Clinical Presentation of RA

(6 in total)

A

1. Inflammation

  • Pain, Swelling, Erythema, Warmth

2. Early morning stiffness >30min

  • duration correlate with disease activity

3. Symmetrical polyarthritis (may start unilateral first)

  • Small joints (typically start with MCP and PIP of hand, IP of thumb, wrist, MTP of toes)
  • Large joints (elbows, shoulders, hips, knees, ankles)

4. Systemic symptoms (due to cytokines in the blood)

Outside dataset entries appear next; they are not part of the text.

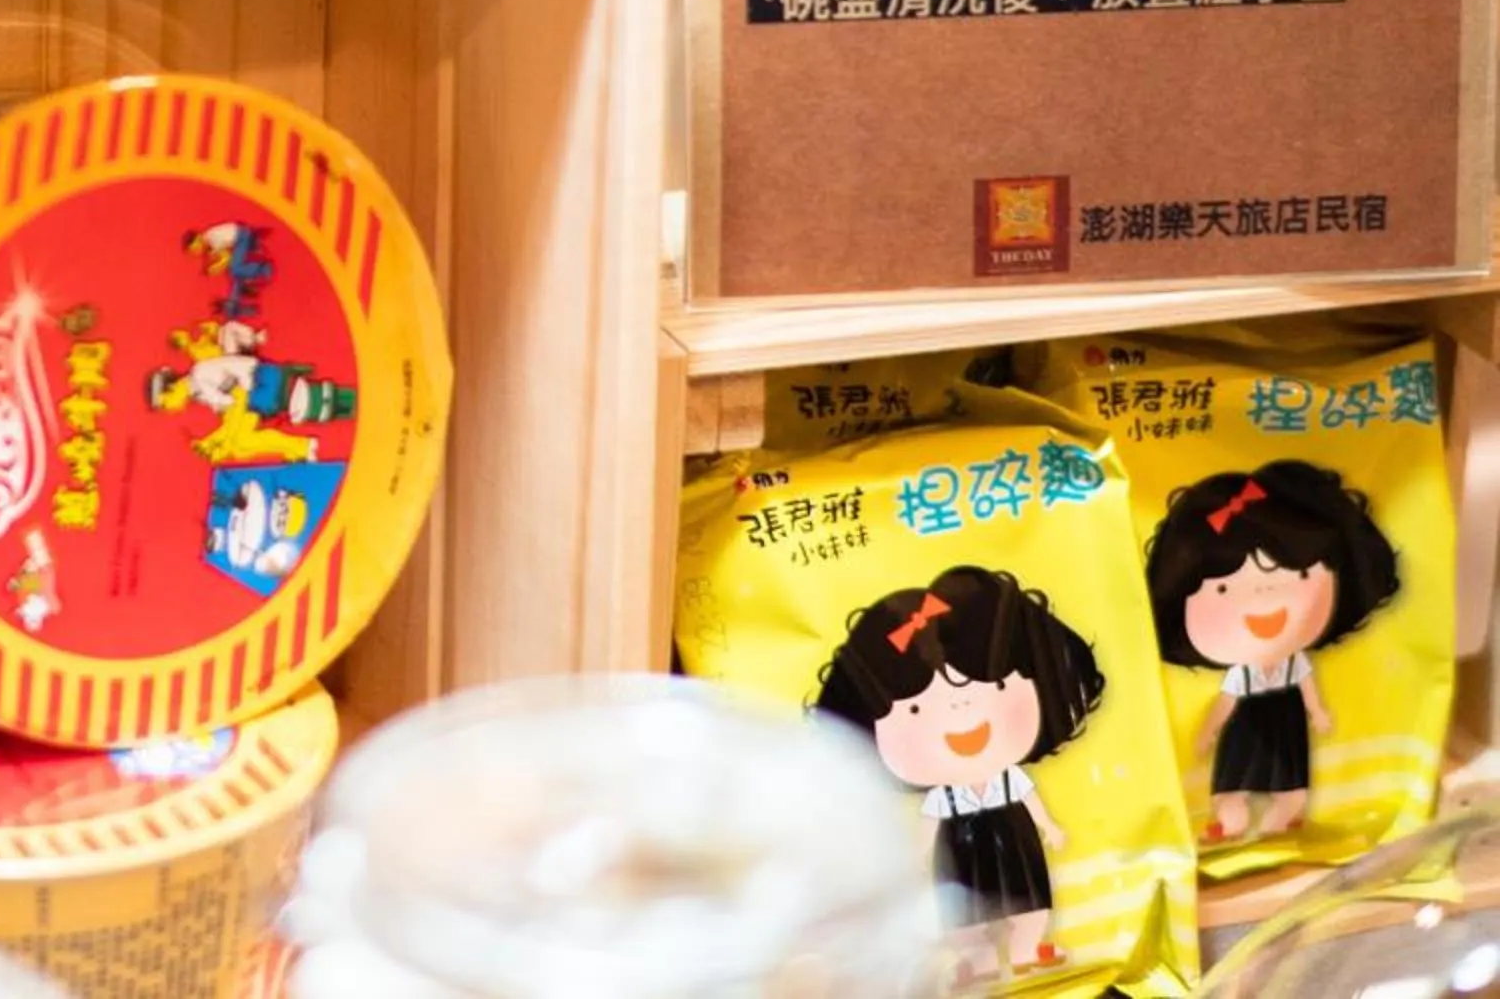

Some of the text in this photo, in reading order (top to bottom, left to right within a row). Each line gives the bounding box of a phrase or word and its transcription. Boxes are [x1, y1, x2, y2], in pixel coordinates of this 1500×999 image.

[1079, 194, 1388, 244] 澎湖樂天旅店民宿
[1090, 377, 1216, 420] 張君雅
[896, 441, 1107, 535] 捏碎麵
[737, 487, 864, 548] 張君雅
[790, 525, 871, 567] 小妹妹
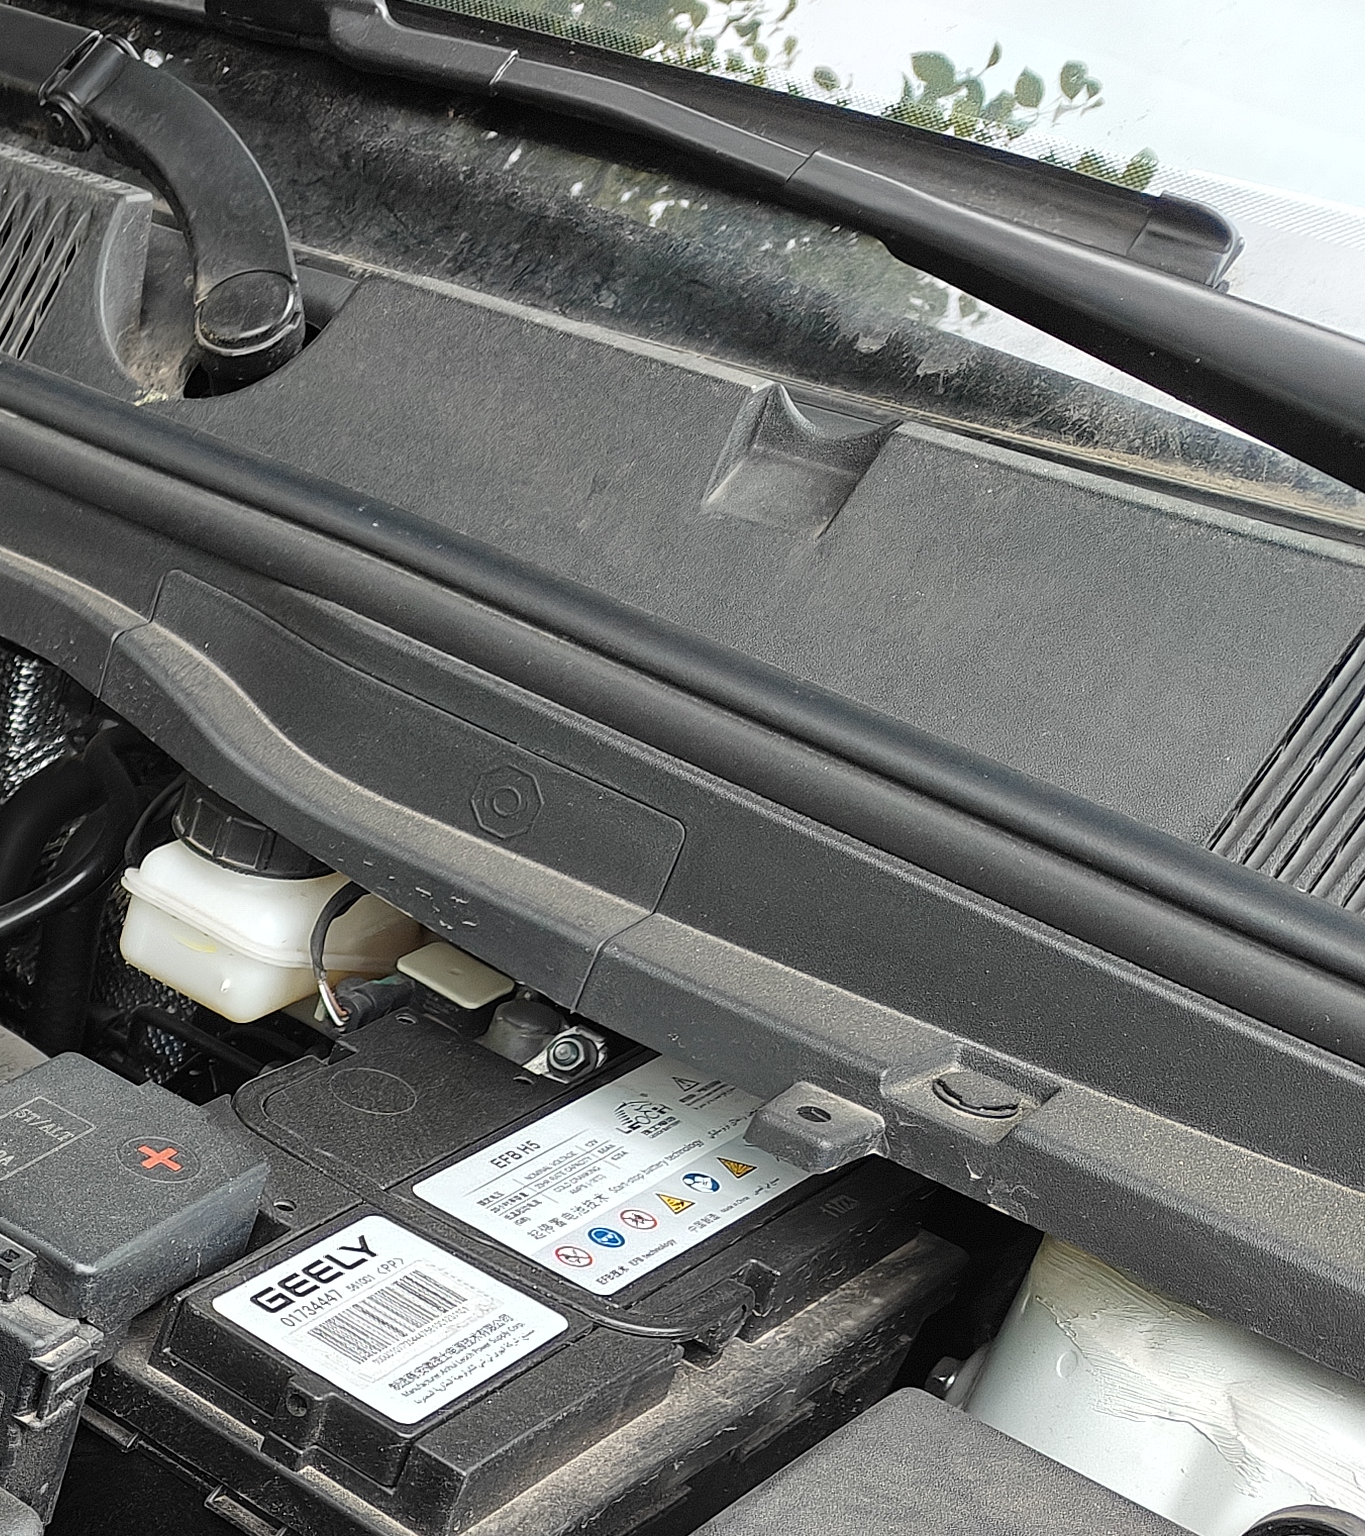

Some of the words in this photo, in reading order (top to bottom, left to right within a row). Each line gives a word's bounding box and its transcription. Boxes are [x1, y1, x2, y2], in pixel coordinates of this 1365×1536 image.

[490, 1150, 523, 1169] EFB
[517, 1140, 541, 1155] H5
[250, 1235, 378, 1313] GEELY
[280, 1289, 343, 1327] 01734447

  • Generalized aching/stiffness
  • Fatigue, malaise, weakness (could be due to Hb drop)
  • Fever
  • Weight loss
  • Low appetite
  • Depression

Particularly present in those with disease onset >60y, and up to one-third of those with acute onset polyarthritis

5. Extra-articular complications (due to cytokines in the blood)

  • Eye: scleritis
  • Heart: myocarditis, CAD, AF, HF, nodules, atherosclerosis
  • Hematology: anemia
  • Lung: chronic cough, SOB, pleural effusion, interstitial lung fibrosis
  • Renal: glomerulonephritis
  • Skin: rheumatoid nodules
  • Vascular: PVD, rheumatoid vasculitis
  • Musculoskeletal: osteoporosis

6. Deformities (chronic)

  • Swan neck (fingers)
  • Boutonniere deformity (fingers)
  • MCP Subluxation (fingers) / MTP subluxation (toes)
  • Ulnar deviation (wrist/fingers)
  • Rheumatoid nodules (elbow)
  • Popliteal cyst (back of knee)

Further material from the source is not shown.